Orazio Arancio
- Born: 15 November 1967 (age 58) Catania
- Height: 6 ft 3 in (1.91 m)
- Weight: 228 lb (103 kg; 16.3 st)

Rugby union career
- Position: Flanker

International career
- Years: Team / Apps / (Points)
- 1993-1999: Italy / 34 / (10)

= Orazio Arancio =

Italy international rugby union player

Orazio "Bimbo" Arancio (born 15 November 1967 in Catania) is a former Italian rugby union player and a current coach and sports director. He played as a flanker.

==Career==
Arancio first played at Fiamma Catania, moving to Amatori Catania in 1986/87, where he would remain until 1995/96. He played for a season at Amatori Rugby Milano, in 1996/97, moving afterwards to the French side of RC Toulonnais, where he played in 1997/98. Returning to Italy, he played at Benetton Treviso for two seasons, from 1998/99 to 1999/2000, being Italian Champion in 1998/99. Arancio played two seasons at Rugby Bologna 1928 (2000/01-2001/02). He then returned to Amatori Catania, where he would play for four seasons, from 2002/03 to 2005/06. His final team would be San Gregorio Rugby, from 2006/07 to 2009/10, finishing his career aged 43 years old. He became player and head coach at the season of 2008/09. He was in charge of the team until 2011/12.

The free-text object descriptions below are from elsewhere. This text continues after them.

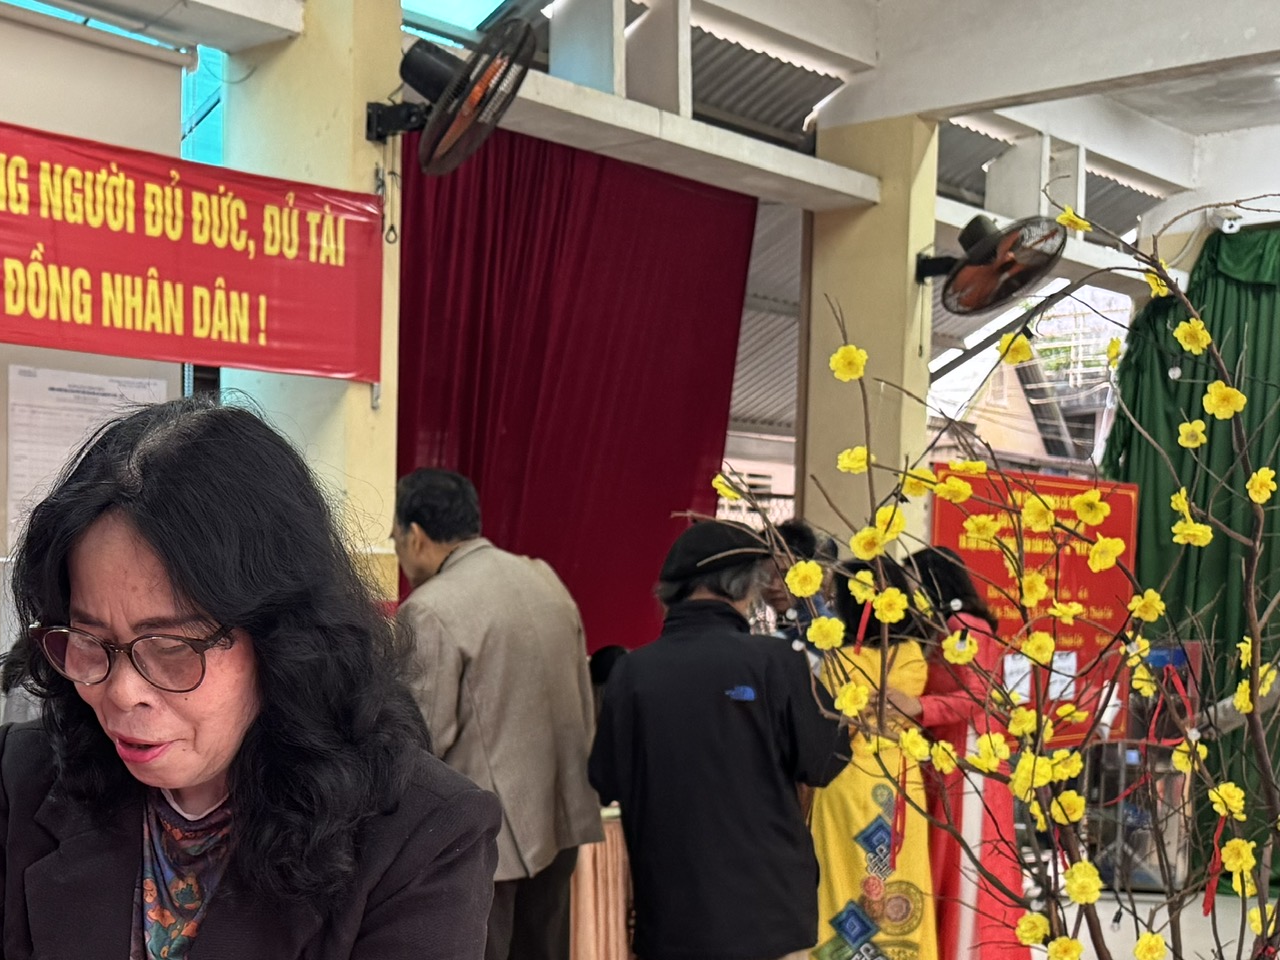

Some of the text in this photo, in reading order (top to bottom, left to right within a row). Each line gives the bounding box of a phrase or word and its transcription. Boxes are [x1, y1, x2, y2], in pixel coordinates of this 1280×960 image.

[39, 161, 135, 234] NGƯỜI
[144, 170, 183, 242] ĐỦ
[191, 184, 256, 260] ĐỨC,
[263, 191, 299, 259] ĐỦ
[306, 204, 345, 267] TÀI
[3, 242, 93, 325] ĐỒNG
[101, 266, 184, 336] NHÂN
[192, 276, 250, 345] DÂN
[258, 294, 267, 346] !

Arancio had 34 caps for Italy, from 1993 to 1999, scoring 2 tries, 10 points in aggregate. He was called for the 1995 Rugby World Cup, playing three games, and for the 1999 Rugby World Cup, playing two games.

He was team manager of the Italy national rugby sevens team, federal counselor of the Italian Rugby Federation and member of the federal counsel of the Italian National Olympic Committee. He was awarded the Golden Star of the INOC in 2006.